Julian Lee
August 15, 2009The search giant has the power to make or break the media, Julian Lee writes, but the industry seems powerless to kill off the beast it helped create.
They call it fear of Google, or FOG for short. That feeling in the small hours when you sit bolt upright in bed in sheer terror at how much your livelihood relies upon an algorithm. That the traffic to your website, the clicks that result in sales leads, indeed your entire presence in cyberspace, hinges on a search engine - the formula for which is as closely guarded a secret as Coca-Cola's recipe.
That formula can change any time and you won't even know it, until, that is, your company's ranking on Google's all important home page sinks like a stone to the bottom of a well. Or rises to the top.
Now FOG is creeping over to the media and advertising industries, which are experiencing the same symptoms; a cold realisation that Google's power threatens to eclipse their business models and put them out of business. The irony is that the media helped create the monster now giving them nightmares and there is little they can do to stop it.

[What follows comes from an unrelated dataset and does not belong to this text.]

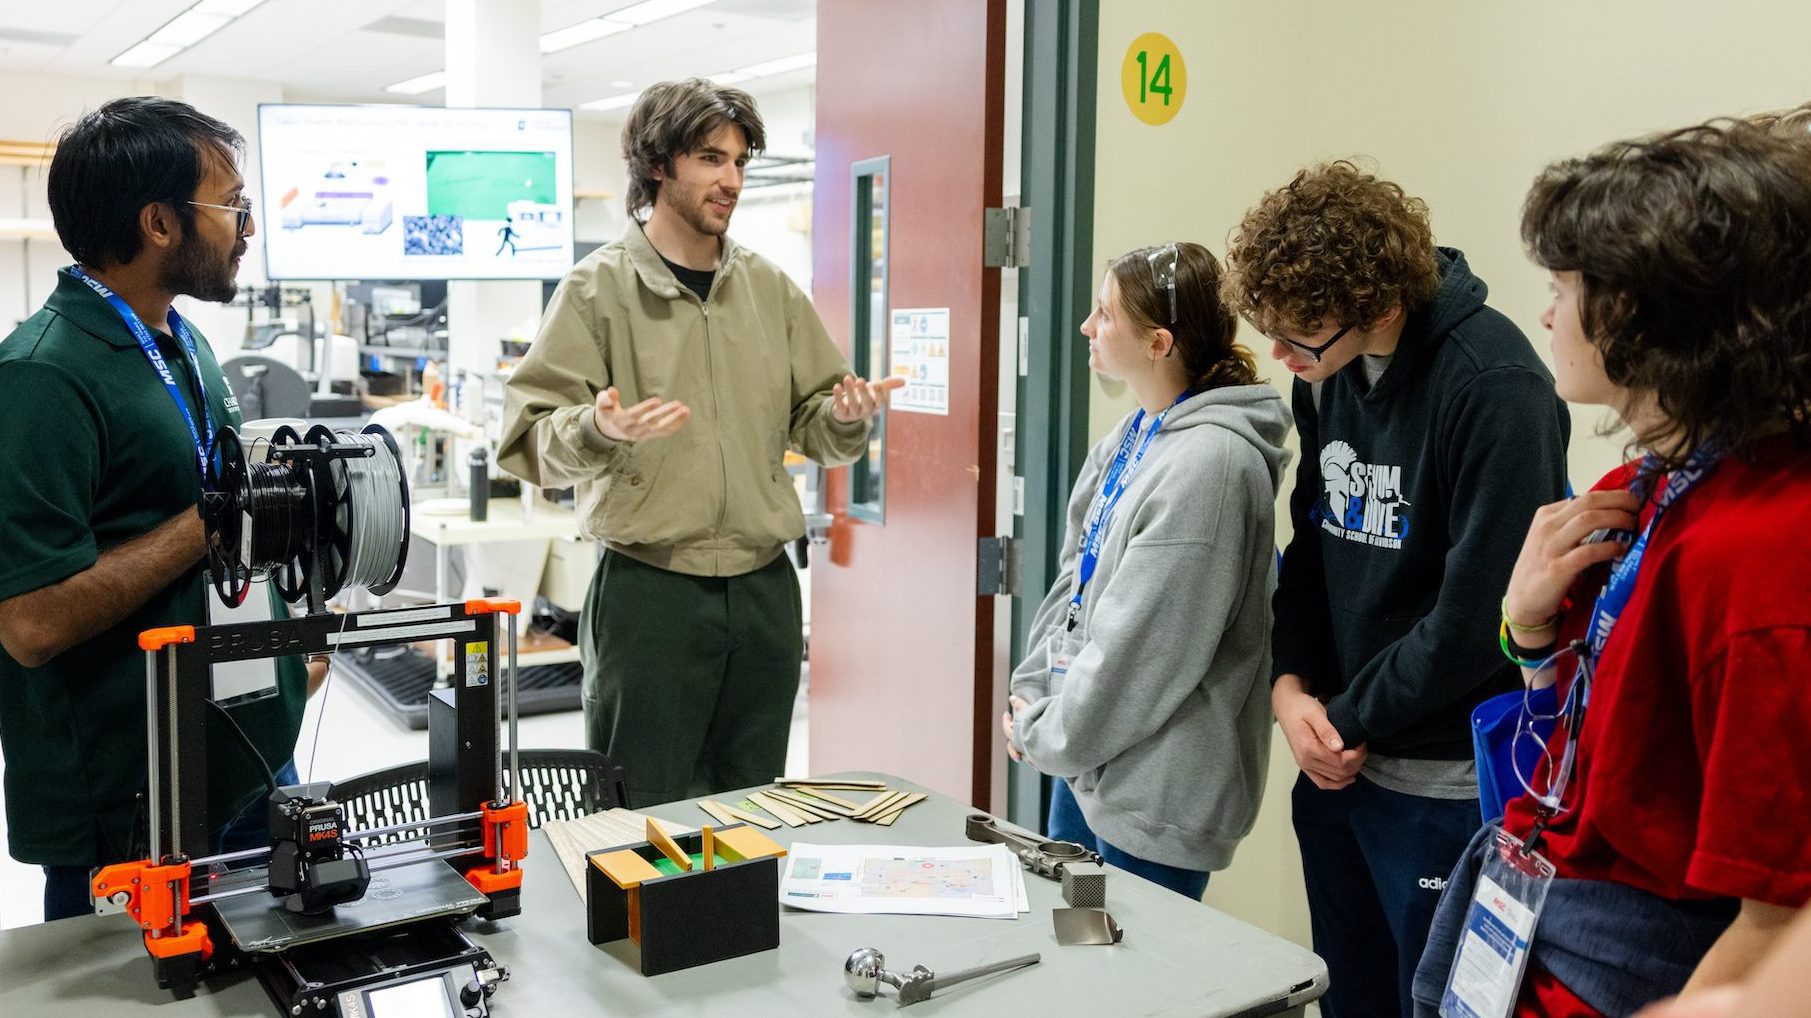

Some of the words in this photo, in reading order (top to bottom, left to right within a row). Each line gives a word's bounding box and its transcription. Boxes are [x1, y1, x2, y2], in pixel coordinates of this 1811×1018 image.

With nearly 10 million visitors a month Google is the most visited website in Australia. Nine out of every 10 searches made on the internet is through Google. Those eyeballs translate into an estimated 90 per cent share of search advertising - the fastest growing area in online advertising as the number of advertisers using the service soars close to 50,000 in Australia. Google's revenue is estimated to be $700 million and fast heading towards $1 billion as more advertisers divert their budgets into a medium that delivers them measurability and sales leads. Soon Google will have the ability to sell and serve richer display brand ads on 62 per cent of Australian websites. A suite of products from maps and mobile phone applications to computer operating systems, video traffic on YouTube and cheap telephone calls only helps rust consumers onto the Google brand.
The more time we spend on the internet, and hence on Google, the more money it makes. All of which is making the Australian media, already grappling with the structural changes the internet has wrought on it, deeply uncomfortable. Now it is plotting its revenge; how it goes about exacting it is another thing altogether. But while Google's monopoly of information is not in doubt, to date there is scant evidence of Google using its muscle to distort the market, only a fear that it might do so in the near future. That has not stopped a growing chorus of voices expressing concern at Google's dominance, but such is the might of Google, few are prepared to go on the record. Telstra's Sensis, News Limited, Ninemsn and Microsoft all declined to publicly air their grievances because some of them still do business with Google.
One that did, though, is the man who arguably has the most to lose from Google's continued
dominance and the most to gain from its downfall: Rohan Lund, the chief executive of Yahoo7!, Google's main competitor in search.
He says all he can see is a future where the Google Death Star, as he dubs it, will reign supreme. "There needs to be a conversation in industry and government about Google's role in the market and what this means for business and consumers both now and in the future,'' Lund says, adding that Google may now be Australia's largest media company by reach and profit.
''Commentators in the US are concerned that Google has a 60 per cent share. Let's not forget that in Australia that climbs to nearly 90 per cent share, even after the Yahoo! and Microsoft search businesses join forces."
Last month Yahoo signed a global deal with Microsoft to combine their forces to take on Google with Microsoft's new search engine, Bing. Despite 2 million Australians a month using Yahoo's search engine, its share of paid search advertising remains static, forcing the company to look to other areas, such as mobile, for growth. It faces being trapped in a vicious cycle where if it can't get enough people asking Yahoo the questions, then it can't attract the advertisers and the internet-browsing public continues to turn to Google where it can get more relevant answers.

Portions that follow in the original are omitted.